[[ Data to process, beginning ]]
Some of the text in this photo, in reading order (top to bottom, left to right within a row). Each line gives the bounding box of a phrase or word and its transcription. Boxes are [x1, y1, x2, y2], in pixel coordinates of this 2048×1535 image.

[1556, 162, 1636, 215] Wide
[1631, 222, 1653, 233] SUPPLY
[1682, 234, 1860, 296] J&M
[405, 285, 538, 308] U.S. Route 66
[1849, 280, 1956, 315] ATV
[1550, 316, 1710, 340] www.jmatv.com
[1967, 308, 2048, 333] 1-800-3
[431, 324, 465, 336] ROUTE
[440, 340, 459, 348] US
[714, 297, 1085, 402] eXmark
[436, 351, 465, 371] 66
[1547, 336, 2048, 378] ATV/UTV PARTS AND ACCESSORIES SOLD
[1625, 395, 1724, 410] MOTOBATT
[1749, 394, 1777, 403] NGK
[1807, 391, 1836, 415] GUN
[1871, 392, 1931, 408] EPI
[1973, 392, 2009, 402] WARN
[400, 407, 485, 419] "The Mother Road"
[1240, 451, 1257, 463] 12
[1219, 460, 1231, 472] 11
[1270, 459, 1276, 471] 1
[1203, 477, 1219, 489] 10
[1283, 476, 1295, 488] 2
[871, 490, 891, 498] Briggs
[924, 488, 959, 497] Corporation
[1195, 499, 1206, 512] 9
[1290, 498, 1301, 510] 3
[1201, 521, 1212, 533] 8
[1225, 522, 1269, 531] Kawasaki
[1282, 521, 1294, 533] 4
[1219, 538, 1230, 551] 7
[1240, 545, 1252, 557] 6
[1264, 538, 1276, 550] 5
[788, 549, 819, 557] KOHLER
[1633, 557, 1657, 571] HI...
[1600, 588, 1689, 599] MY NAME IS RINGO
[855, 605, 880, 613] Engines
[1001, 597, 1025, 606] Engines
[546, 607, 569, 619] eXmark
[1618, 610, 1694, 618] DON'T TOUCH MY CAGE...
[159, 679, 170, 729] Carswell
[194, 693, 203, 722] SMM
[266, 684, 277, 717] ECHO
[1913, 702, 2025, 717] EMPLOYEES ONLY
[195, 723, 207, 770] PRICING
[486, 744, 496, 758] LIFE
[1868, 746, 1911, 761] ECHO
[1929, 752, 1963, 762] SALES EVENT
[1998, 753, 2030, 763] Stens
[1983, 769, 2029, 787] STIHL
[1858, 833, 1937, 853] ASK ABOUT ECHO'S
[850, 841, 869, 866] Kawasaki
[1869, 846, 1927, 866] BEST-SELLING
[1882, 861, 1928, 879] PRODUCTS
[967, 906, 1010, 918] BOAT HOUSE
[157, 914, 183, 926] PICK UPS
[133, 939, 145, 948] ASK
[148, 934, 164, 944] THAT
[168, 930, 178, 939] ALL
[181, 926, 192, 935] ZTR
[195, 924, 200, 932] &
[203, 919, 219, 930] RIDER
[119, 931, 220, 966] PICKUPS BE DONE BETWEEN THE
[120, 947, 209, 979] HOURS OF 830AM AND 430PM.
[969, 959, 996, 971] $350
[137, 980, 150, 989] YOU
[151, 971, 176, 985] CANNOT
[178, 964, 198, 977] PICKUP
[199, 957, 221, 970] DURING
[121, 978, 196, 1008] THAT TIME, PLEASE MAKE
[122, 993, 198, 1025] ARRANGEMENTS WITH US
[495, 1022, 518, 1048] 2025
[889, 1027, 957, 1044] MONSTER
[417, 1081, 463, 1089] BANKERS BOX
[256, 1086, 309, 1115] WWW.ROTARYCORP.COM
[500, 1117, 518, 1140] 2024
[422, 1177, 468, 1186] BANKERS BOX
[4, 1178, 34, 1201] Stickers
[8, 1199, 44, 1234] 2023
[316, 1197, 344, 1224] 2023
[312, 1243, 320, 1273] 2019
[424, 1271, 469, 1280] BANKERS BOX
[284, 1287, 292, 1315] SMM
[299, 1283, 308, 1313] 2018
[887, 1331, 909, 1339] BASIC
[[ Data to process, end ]]
§ Problem description:
Word for word, return the entire set of entries.

§ Solved problem:
Some of the text in this photo, in reading order (top to bottom, left to right within a row). Each line gives the bounding box of a phrase or word and its transcription. Boxes are [x1, y1, x2, y2], in pixel coordinates of this 2048×1535 image.

[1556, 162, 1636, 215] Wide
[1631, 222, 1653, 233] SUPPLY
[1682, 234, 1860, 296] J&M
[405, 285, 538, 308] U.S. Route 66
[1849, 280, 1956, 315] ATV
[1550, 316, 1710, 340] www.jmatv.com
[1967, 308, 2048, 333] 1-800-3
[431, 324, 465, 336] ROUTE
[440, 340, 459, 348] US
[714, 297, 1085, 402] eXmark
[436, 351, 465, 371] 66
[1547, 336, 2048, 378] ATV/UTV PARTS AND ACCESSORIES SOLD
[1625, 395, 1724, 410] MOTOBATT
[1749, 394, 1777, 403] NGK
[1807, 391, 1836, 415] GUN
[1871, 392, 1931, 408] EPI
[1973, 392, 2009, 402] WARN
[400, 407, 485, 419] "The Mother Road"
[1240, 451, 1257, 463] 12
[1219, 460, 1231, 472] 11
[1270, 459, 1276, 471] 1
[1203, 477, 1219, 489] 10
[1283, 476, 1295, 488] 2
[871, 490, 891, 498] Briggs
[924, 488, 959, 497] Corporation
[1195, 499, 1206, 512] 9
[1290, 498, 1301, 510] 3
[1201, 521, 1212, 533] 8
[1225, 522, 1269, 531] Kawasaki
[1282, 521, 1294, 533] 4
[1219, 538, 1230, 551] 7
[1240, 545, 1252, 557] 6
[1264, 538, 1276, 550] 5
[788, 549, 819, 557] KOHLER
[1633, 557, 1657, 571] HI...
[1600, 588, 1689, 599] MY NAME IS RINGO
[855, 605, 880, 613] Engines
[1001, 597, 1025, 606] Engines
[546, 607, 569, 619] eXmark
[1618, 610, 1694, 618] DON'T TOUCH MY CAGE...
[159, 679, 170, 729] Carswell
[194, 693, 203, 722] SMM
[266, 684, 277, 717] ECHO
[1913, 702, 2025, 717] EMPLOYEES ONLY
[195, 723, 207, 770] PRICING
[486, 744, 496, 758] LIFE
[1868, 746, 1911, 761] ECHO
[1929, 752, 1963, 762] SALES EVENT
[1998, 753, 2030, 763] Stens
[1983, 769, 2029, 787] STIHL
[1858, 833, 1937, 853] ASK ABOUT ECHO'S
[850, 841, 869, 866] Kawasaki
[1869, 846, 1927, 866] BEST-SELLING
[1882, 861, 1928, 879] PRODUCTS
[967, 906, 1010, 918] BOAT HOUSE
[157, 914, 183, 926] PICK UPS
[133, 939, 145, 948] ASK
[148, 934, 164, 944] THAT
[168, 930, 178, 939] ALL
[181, 926, 192, 935] ZTR
[195, 924, 200, 932] &
[203, 919, 219, 930] RIDER
[119, 931, 220, 966] PICKUPS BE DONE BETWEEN THE
[120, 947, 209, 979] HOURS OF 830AM AND 430PM.
[969, 959, 996, 971] $350
[137, 980, 150, 989] YOU
[151, 971, 176, 985] CANNOT
[178, 964, 198, 977] PICKUP
[199, 957, 221, 970] DURING
[121, 978, 196, 1008] THAT TIME, PLEASE MAKE
[122, 993, 198, 1025] ARRANGEMENTS WITH US
[495, 1022, 518, 1048] 2025
[889, 1027, 957, 1044] MONSTER
[417, 1081, 463, 1089] BANKERS BOX
[256, 1086, 309, 1115] WWW.ROTARYCORP.COM
[500, 1117, 518, 1140] 2024
[422, 1177, 468, 1186] BANKERS BOX
[4, 1178, 34, 1201] Stickers
[8, 1199, 44, 1234] 2023
[316, 1197, 344, 1224] 2023
[312, 1243, 320, 1273] 2019
[424, 1271, 469, 1280] BANKERS BOX
[284, 1287, 292, 1315] SMM
[299, 1283, 308, 1313] 2018
[887, 1331, 909, 1339] BASIC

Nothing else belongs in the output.